Andrea Pirlo works hard at making football look easy. Whether picking out a teammate with a 40-yard assist or converting a high-pressure penalty in a European Championship quarterfinal, his default expression is one of studied nonchalance.
So after marking his 100th international cap with a goal on Sunday, he made sure that his words matched his demeanour.
Italy's Confederations Cup opener against Mexico was scoreless until midway through the first half, when the Juventus midfielder swept home a sumptuous free-kick from 25 yards. It was the first goal the Azzurri had ever scored at Rio de Janeiro's iconic Estádio do Maracanã, and yet Pirlo made it sound like business as usual. "I just tried to hit the ball as well as I could," he said. "I succeeded."
The 73,000 fans in attendance seemed rather more impressed with his efforts. For several minutes after his goal, Pirlo's name rang out around the stadium. "That was a beautiful moment," the player would say. "It made me very happy."
Pirlo has not always enjoyed such appreciative audiences.

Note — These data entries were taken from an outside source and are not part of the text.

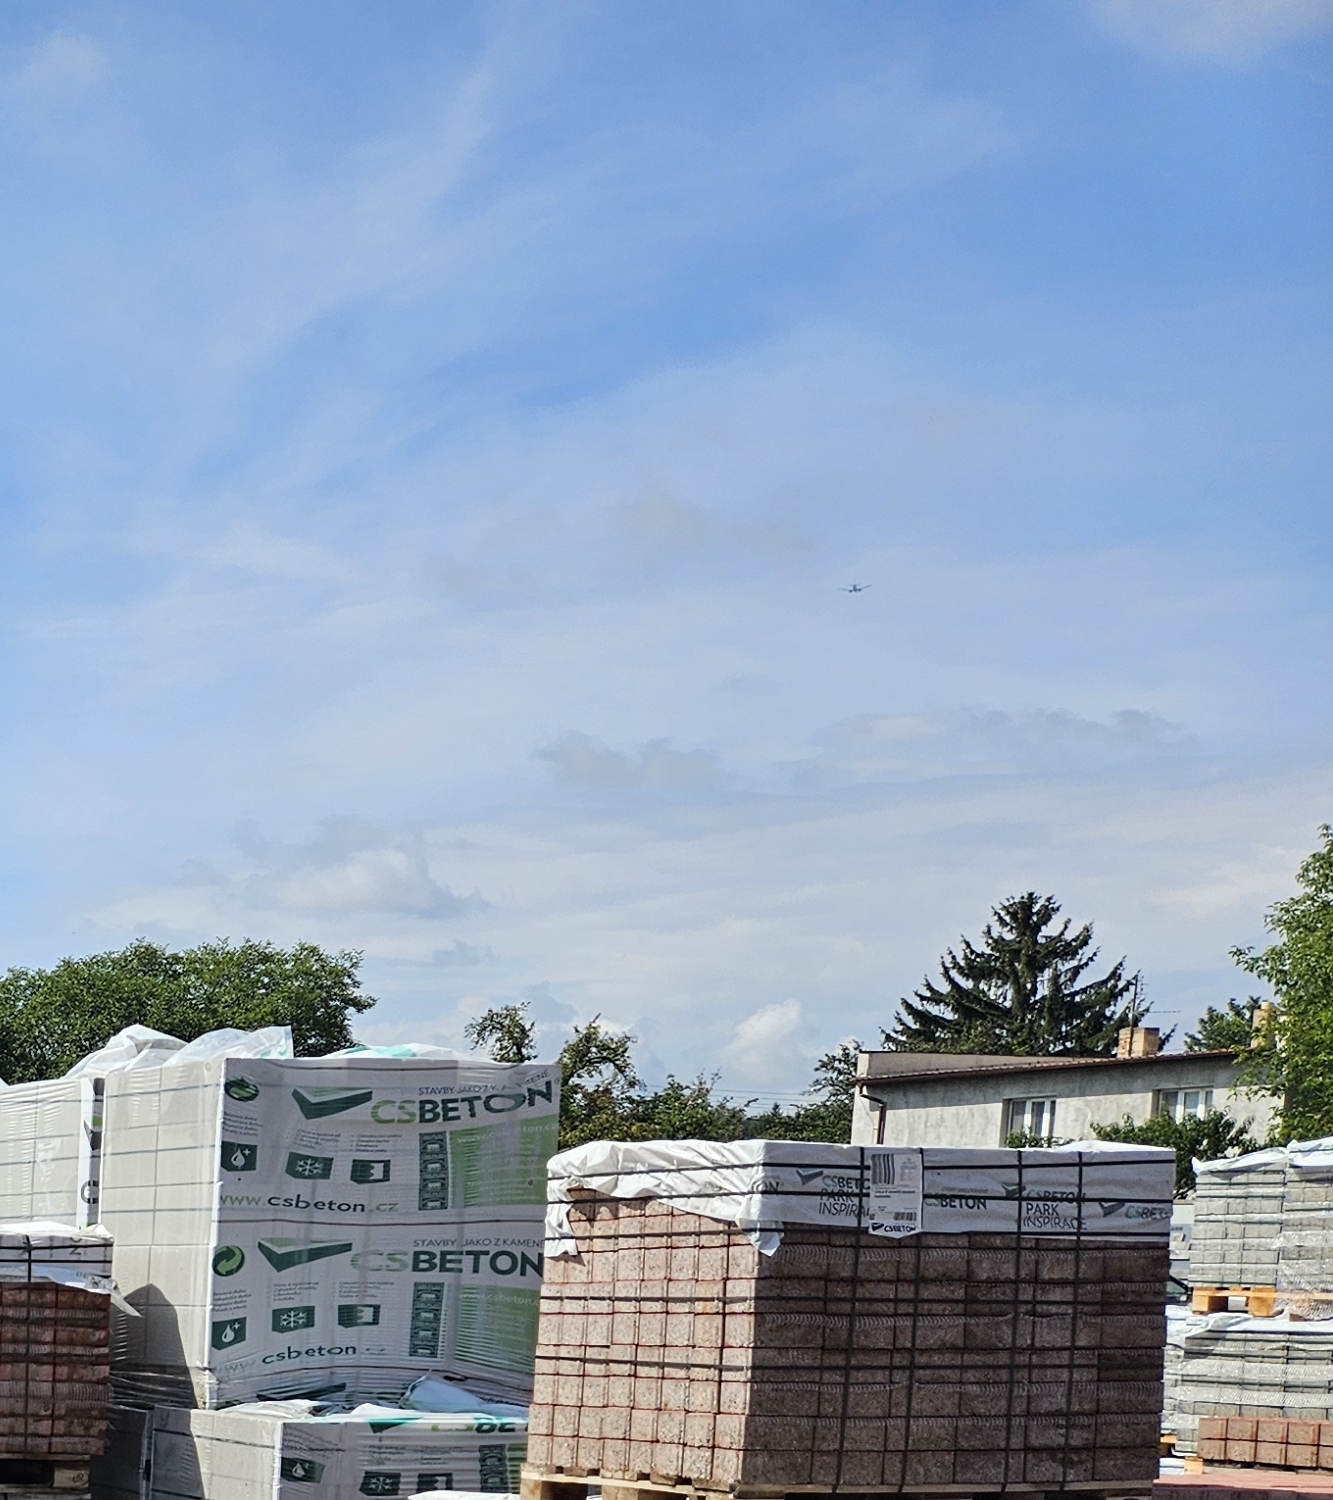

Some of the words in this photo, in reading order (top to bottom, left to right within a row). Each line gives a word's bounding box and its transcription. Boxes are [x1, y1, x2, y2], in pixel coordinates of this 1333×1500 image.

[418, 1086, 454, 1096] STAVBY
[1026, 1203, 1059, 1216] PARK
[1022, 1215, 1087, 1231] INSPIRACE
[413, 1238, 458, 1248] STAVBY
[463, 1237, 492, 1247] JAKO
[493, 1238, 501, 1247] Z
[502, 1238, 544, 1248] KAMENE

Some of the most poignant passages in his recently released autobiography, Penso Quindi Gioco (I Think Therefore I Play) relate to a period when he was a boy coming up through the youth system at Brescia. According to Pirlo, his superiority over certain teammates was such that their parents became jealous. They began to heckle him during games, shouting at him to take his talents elsewhere.
At one stage, those same teammates stopped passing to Pirlo altogether, leading him to break down in tears in the middle of a match. In the end he came out stronger. Pirlo's childhood tormentors could not prevent him from becoming one of the greatest players of his generation. Two decades later, he has four Serie A titles, two Champions Leagues and a World Cup winner's medal to his name.

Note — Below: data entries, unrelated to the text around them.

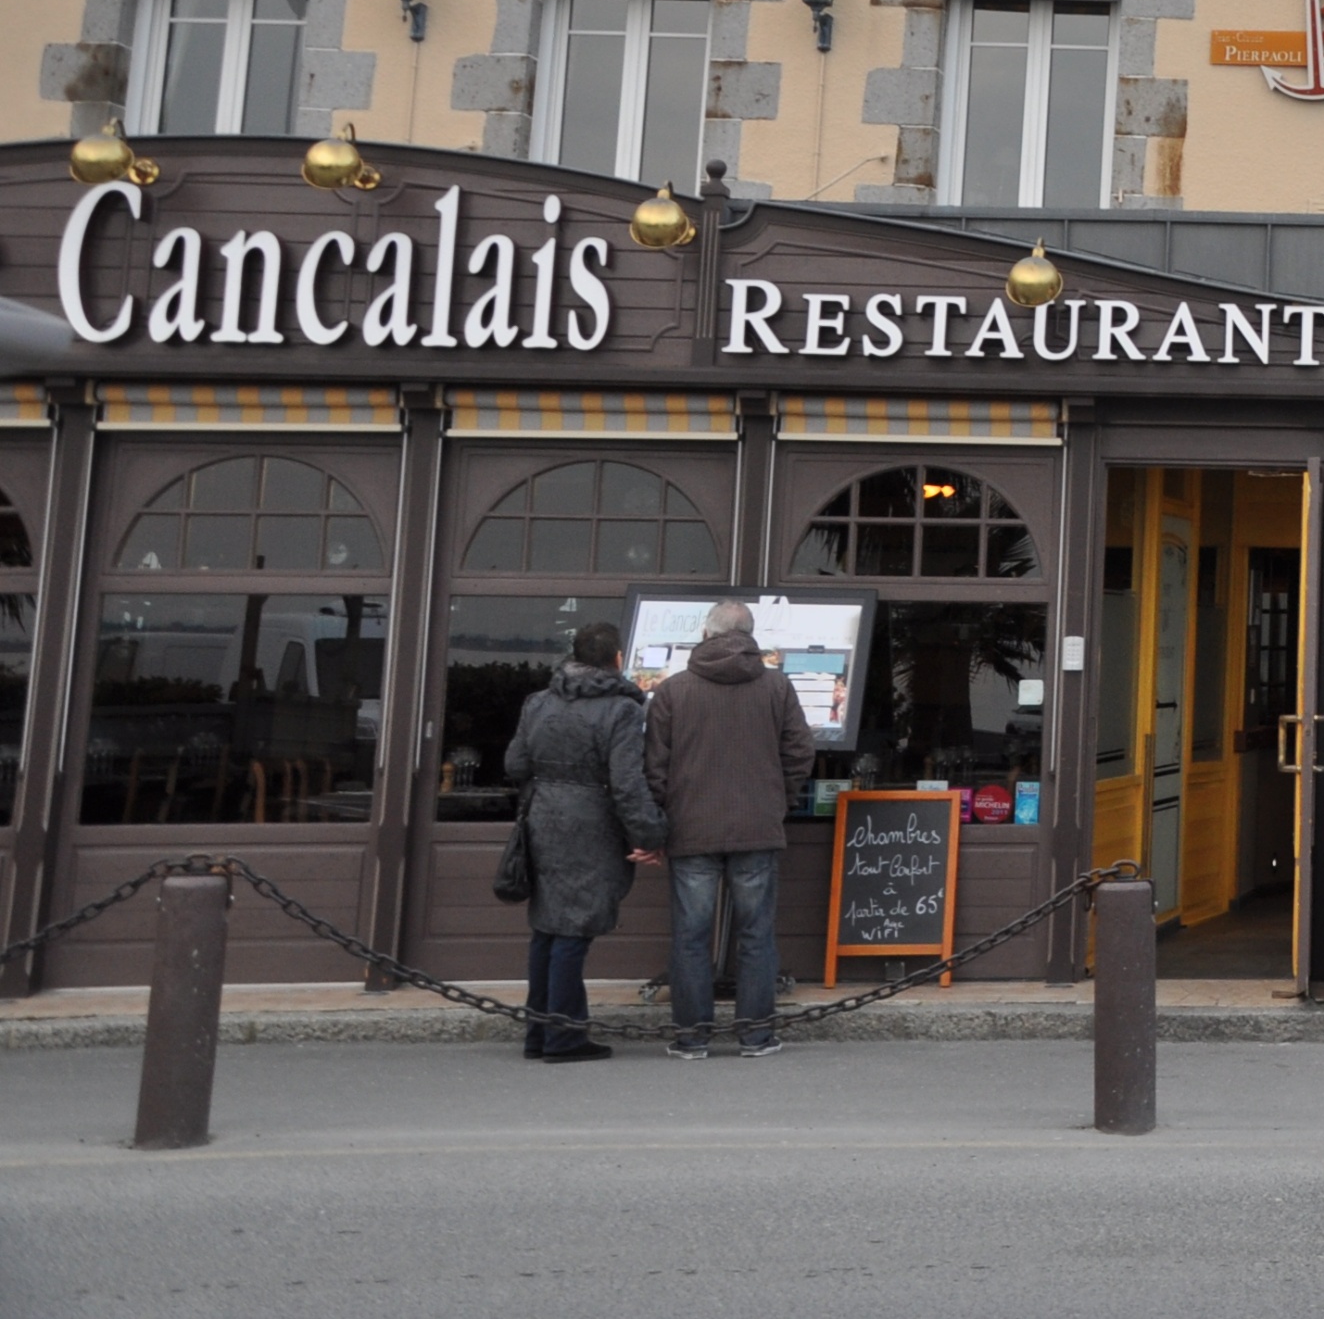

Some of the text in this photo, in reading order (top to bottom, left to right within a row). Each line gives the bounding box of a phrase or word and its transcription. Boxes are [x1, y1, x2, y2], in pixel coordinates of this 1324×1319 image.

[1225, 45, 1302, 62] PIERPAOLI
[58, 181, 612, 352] Cancalais
[643, 608, 707, 633] Le Cancala
[974, 801, 1010, 809] MICHELIN
[847, 852, 889, 876] tout
[882, 882, 898, 895] à
[844, 897, 885, 926] partir
[889, 899, 909, 916] de

Even Pirlo's most vocal supporters, however, might have struggled to envisage the player that he would become. He was a fixture of the national youth set-up from an early age, winning 37 caps for the U-21 team and leading them to European Championship triumph in 2000.

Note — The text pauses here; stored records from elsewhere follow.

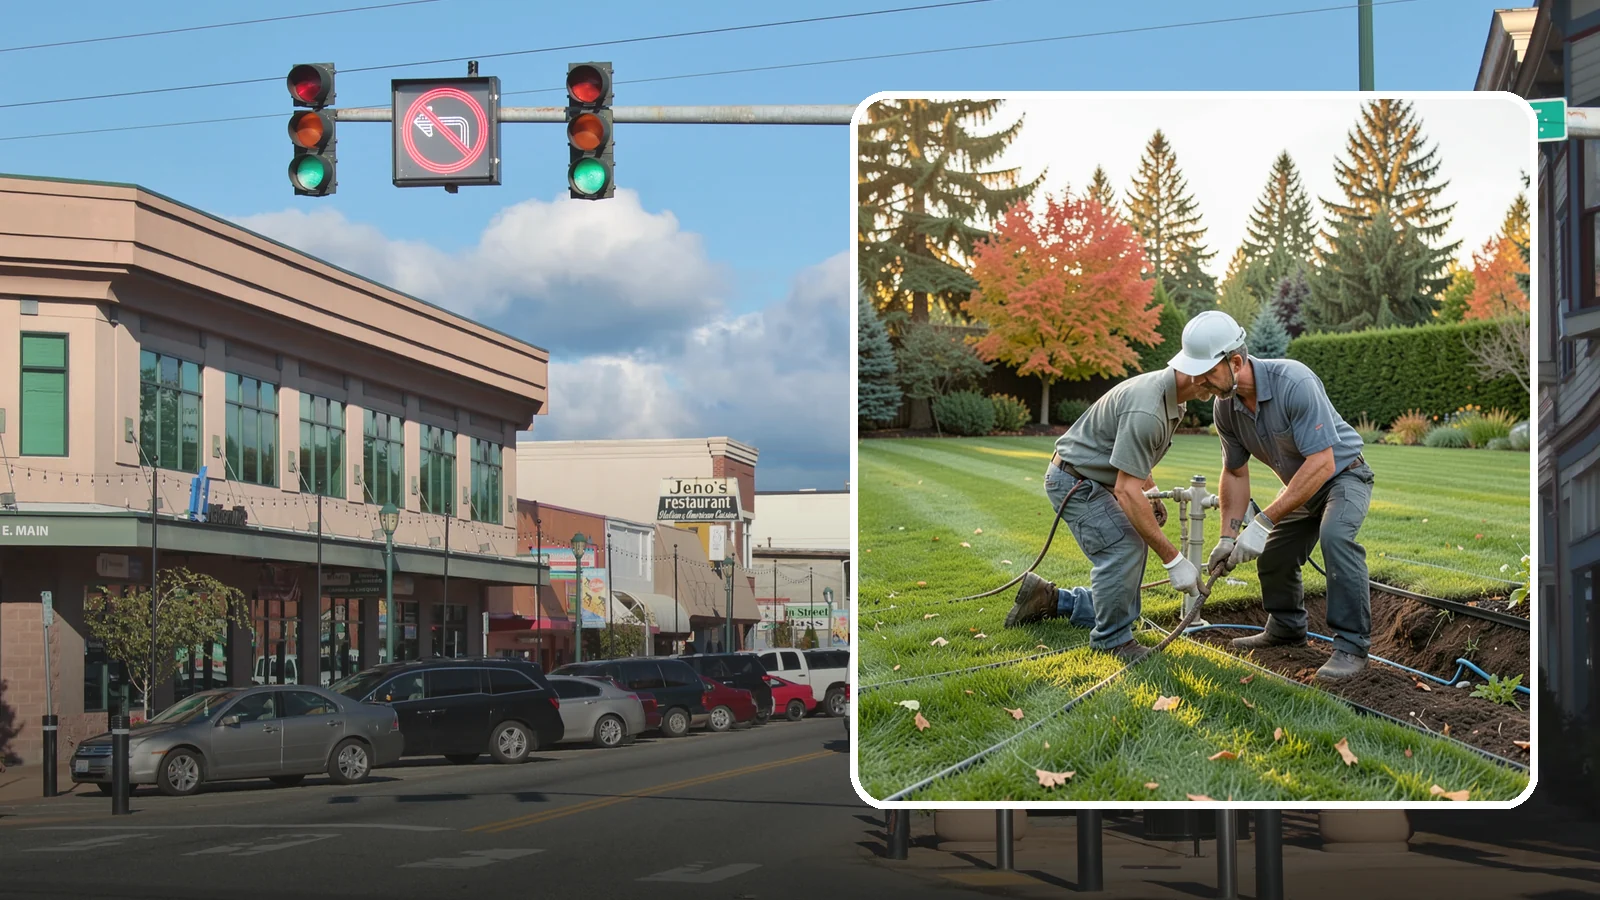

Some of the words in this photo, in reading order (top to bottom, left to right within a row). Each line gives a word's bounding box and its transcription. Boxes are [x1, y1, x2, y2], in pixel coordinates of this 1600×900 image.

[670, 480, 727, 495] Jeno's
[665, 496, 731, 509] restaurant
[658, 510, 681, 520] Italian
[686, 510, 714, 519] American
[715, 509, 737, 519] Cuisine
[2, 525, 13, 536] E.
[15, 525, 49, 536] MAIN
[798, 608, 828, 616] Street
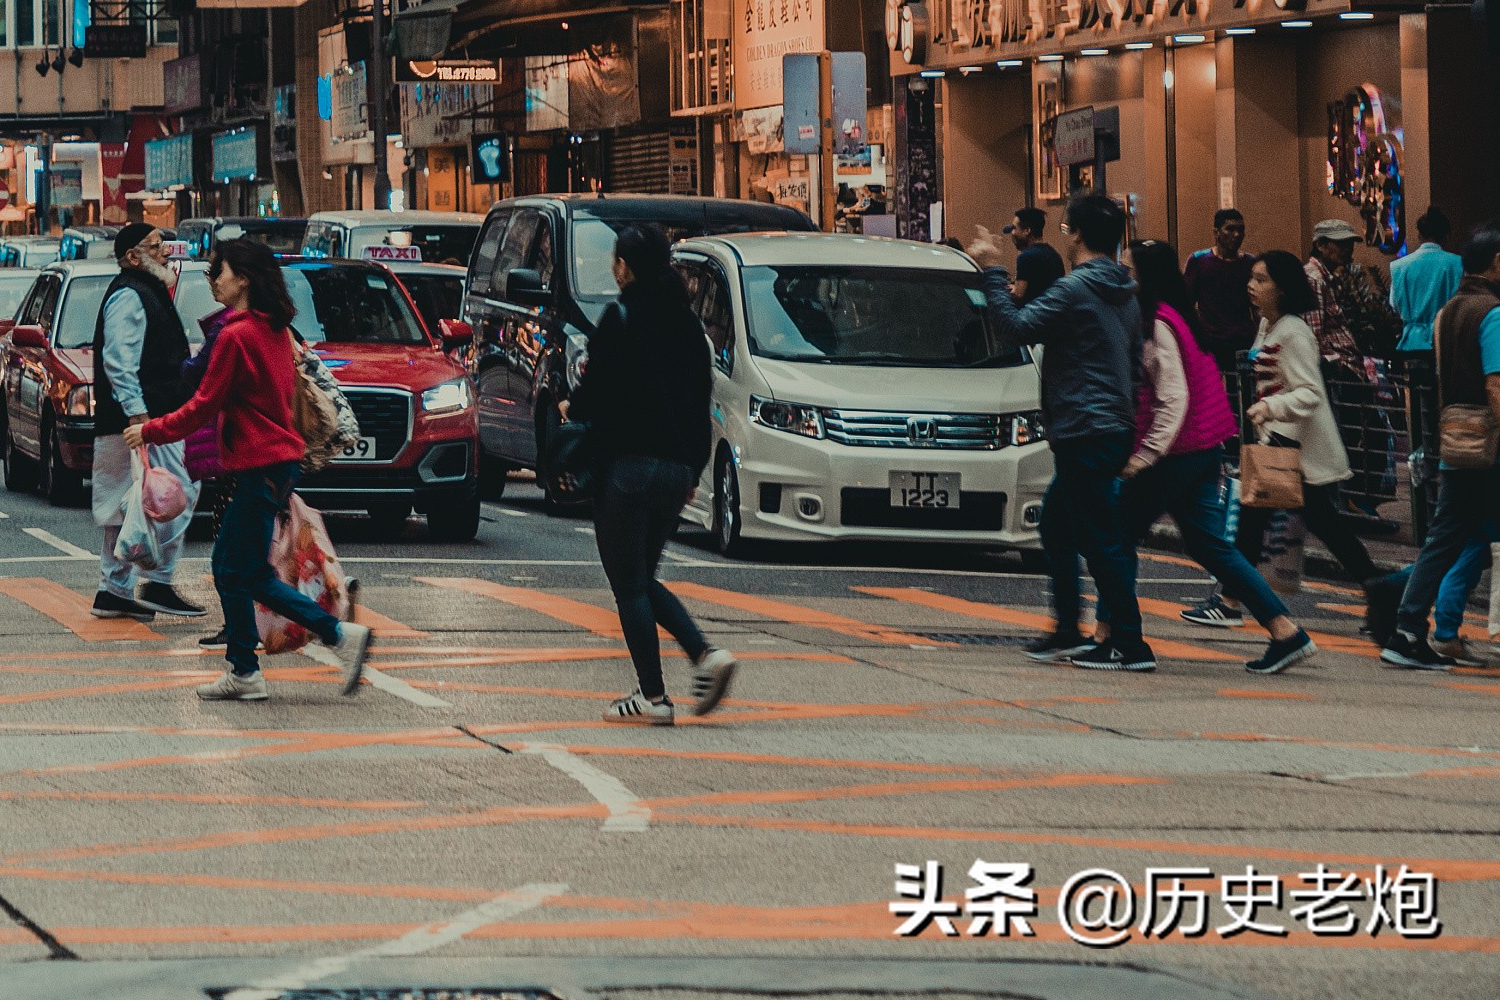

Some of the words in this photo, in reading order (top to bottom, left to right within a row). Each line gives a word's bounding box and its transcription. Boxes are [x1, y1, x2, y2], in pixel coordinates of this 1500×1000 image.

[367, 247, 418, 259] TAXI
[911, 472, 938, 490] TT
[900, 489, 949, 507] 1223

It was only in 2002, a year after Pirlo had joined the Rossoneri, that the club's manager, Carlo Ancelotti, moved him permanently into the role of deep-lying playmaker. Already 23 by this stage, Pirlo finally made his first appearance for the national senior team a short while afterwards, but many observers remained sceptical of his conversion.
Though he hasn’t scored as many goals as he would have liked, Pirlo has come a long way since, and is now the fifth Italian player to earn 100 caps.